NOTE: The following oral agents should NOT be used for GN-BSI:
- Cefadroxil, cefpodoxime, or cefdinir due to unfavorable pharmacokinetics and/or spectrum of activity
- Agents with limited systemic absorption or low serum levels (e.g., fosfomycin, nitrofurantoin, doxycycline)
Table 3: Suggested Oral Antibiotic Therapy (consult pharmacy for patient-specific dosing recommendations and for patients with obesity)
See the Adult Renal Dose Adjustment Policy page for renal dose adjustments.
Step 4: Determine appropriate duration of therapy based on antibiotic agent, infection source, and route.
- Duration of Therapy: 7 days of active therapy for uncomplicated GN-BSI
- Uncomplicated GN-BSI should be treated with a 7-day total course of effective IV, oral fluoroquinolone, or SMX/TMP.
- If using appropriately dosed oral beta-lactam alternatives, a longer duration of therapy may be considered based on indication and patient-specific factors.

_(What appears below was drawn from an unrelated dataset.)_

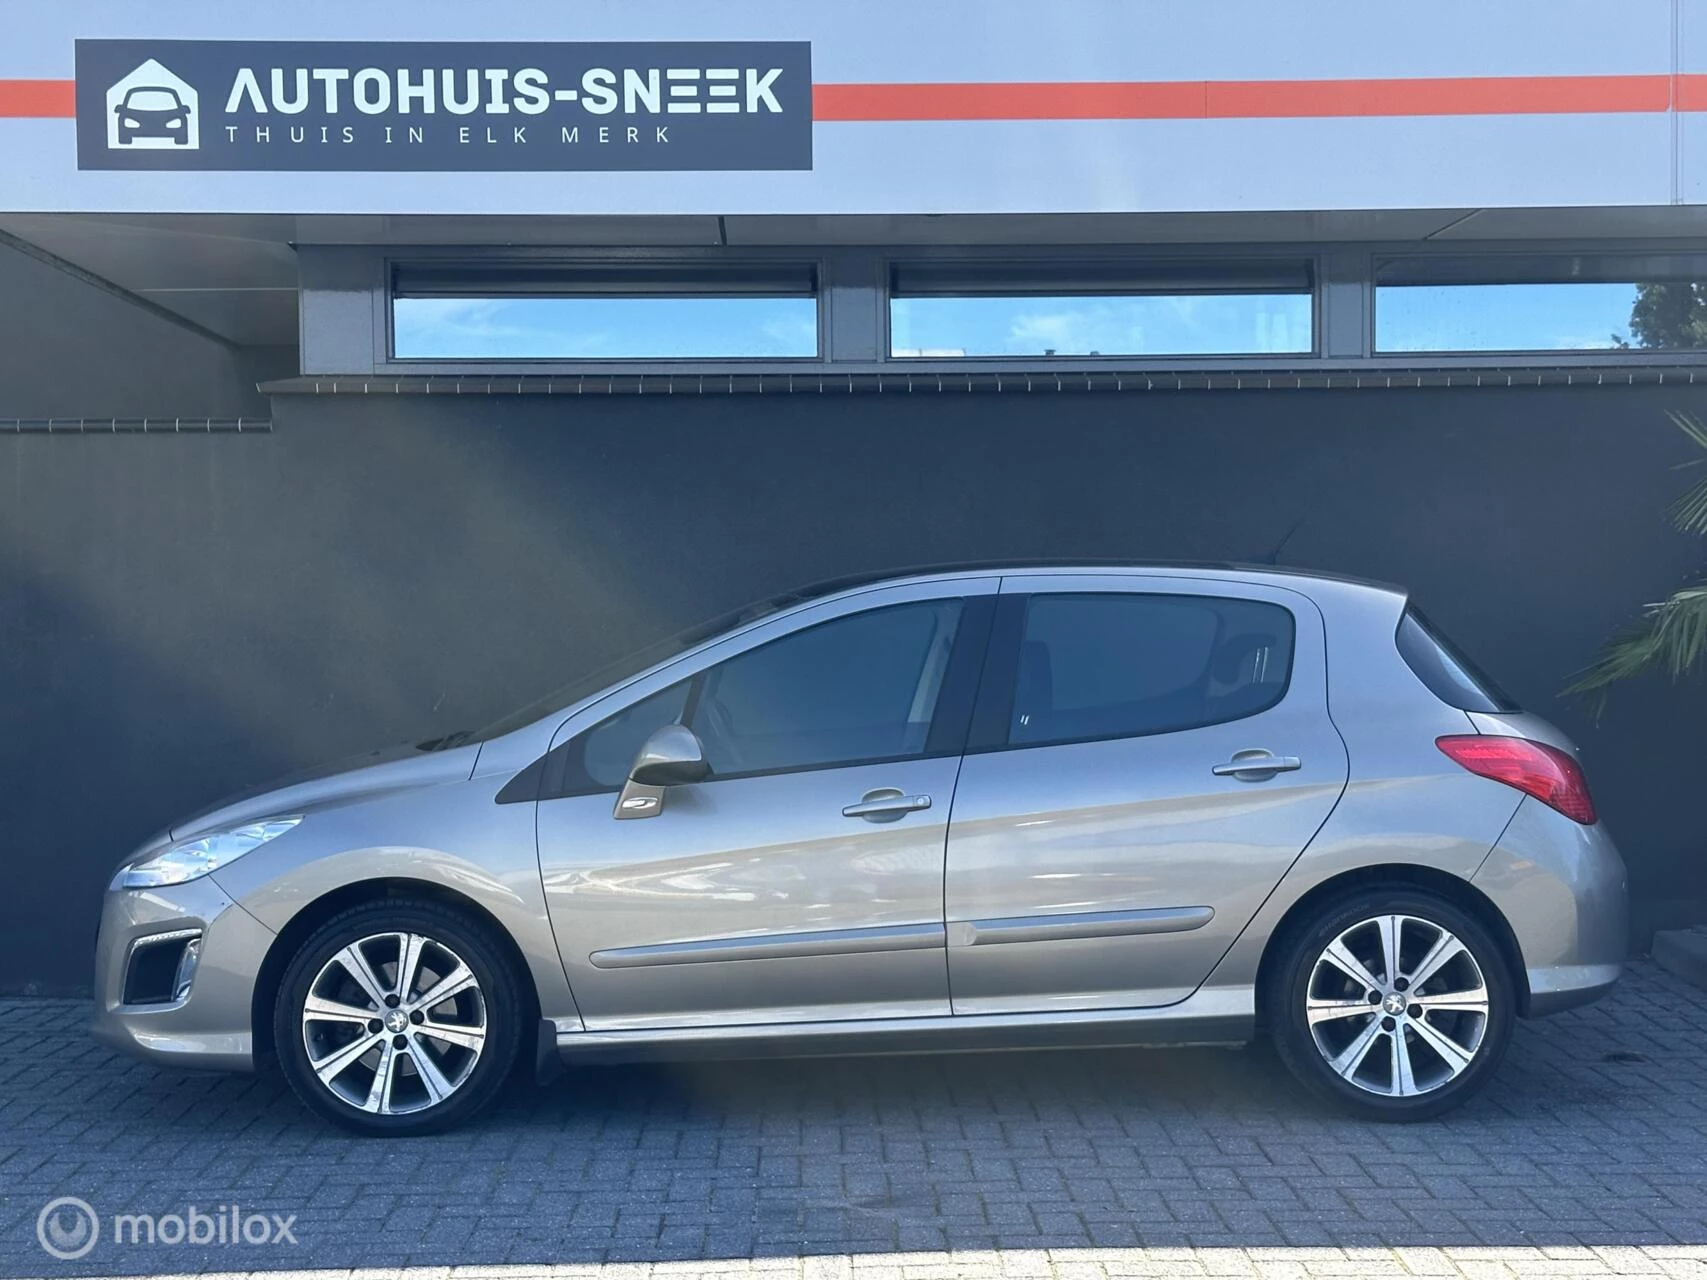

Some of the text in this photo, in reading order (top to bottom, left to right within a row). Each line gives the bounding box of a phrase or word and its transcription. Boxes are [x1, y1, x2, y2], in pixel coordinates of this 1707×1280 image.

[224, 67, 784, 115] AUTOHUIS-SNEEK
[225, 126, 670, 144] THUIS IN ELK MERK

- For uncomplicated GN-BSI, day 1 is the first day of therapy on an antibiotic to which the pathogen was susceptible. For patients requiring source control interventions, day 1 is the day of source control or first day of effective therapy, whichever came last.
- For patients with complicated GN-BSI, longer durations may be warranted, in agreement with existing indication-specific guidelines, documented blood clearance, and/or ID recommendations.
- In patients requiring outpatient parenteral antibiotic therapy, please consult ID to determine the treatment plan prior to the day of discharge.